We arrive at the hospital and learn Rob is in very critical condition. As the result of a dirt bike accident, he's in surgery where Doctors are trying to stop the bleeding that has already released 2.5 liters of his blood into his body. He's got himself 2 broken legs, a break just under his hip, a few broken ribs and completely severed his spinal cord. Rob's Father is white as a ghost and goes on to tell my Cousin Andrea and my Auntie Dani that he will be paralyzed from at least the waist down. The nurse takes us to a room where we all sob and hug, pass kleenex and pray. Plans are made to bring his sister in from |Kelowna and I ask Tim (Rob's Father) who is picking her up? He looks at me confused and almost like 'oh yeah...thanks for mentioning that' and he says he doesn't know yet and it's a detail that is not yet figured out. 'Let me get her' I said, 'I'd be happy to.' I ask Tim if she knows the details yet, namely does she know he's paralyzed. He says no, he wont tell her till she gets here. I go with my sister and and we wait outside Arrivals and talk about what I'd say if she asks whats going on. I agree to keep the conversation light and airy. This will be a very difficult drive back to Foothills.
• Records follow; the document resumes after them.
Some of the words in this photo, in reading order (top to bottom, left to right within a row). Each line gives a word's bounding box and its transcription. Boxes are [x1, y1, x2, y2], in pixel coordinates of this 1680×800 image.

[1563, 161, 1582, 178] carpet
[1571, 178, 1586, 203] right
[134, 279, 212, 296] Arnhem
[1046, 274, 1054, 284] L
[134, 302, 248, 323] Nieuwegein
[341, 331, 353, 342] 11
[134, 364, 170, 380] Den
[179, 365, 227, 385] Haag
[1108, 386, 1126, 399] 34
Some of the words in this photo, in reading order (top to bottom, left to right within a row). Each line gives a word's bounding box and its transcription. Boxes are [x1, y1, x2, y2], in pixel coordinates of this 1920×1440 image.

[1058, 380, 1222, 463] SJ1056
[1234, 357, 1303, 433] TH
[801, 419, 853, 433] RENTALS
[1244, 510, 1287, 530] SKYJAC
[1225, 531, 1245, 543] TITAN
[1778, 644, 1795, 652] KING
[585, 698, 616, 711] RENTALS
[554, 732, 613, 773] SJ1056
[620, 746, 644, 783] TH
She sees her Daddy and they both burst into tears and embrace the moment they see each other.  It sends shock waves through me and I hope with all I have, that I will never have to be standing where they are, for the reasons that they are.

Hours pass and I no longer know what time/date it is. A handful of us go look at the x-rays and I feel like I'm looking at film stock frame by frame. The black and white images on the screen look horrific at best. They save the one of his spine for last and I couldn't help but gasp. I have no control over my hand or my breath and realize I've placed my hand over my mouth to hold in the gasps that come from within. This image is burned in my mind. You don't have to be medically trained to know that this is not a good situation. The realness sets in at that very moment.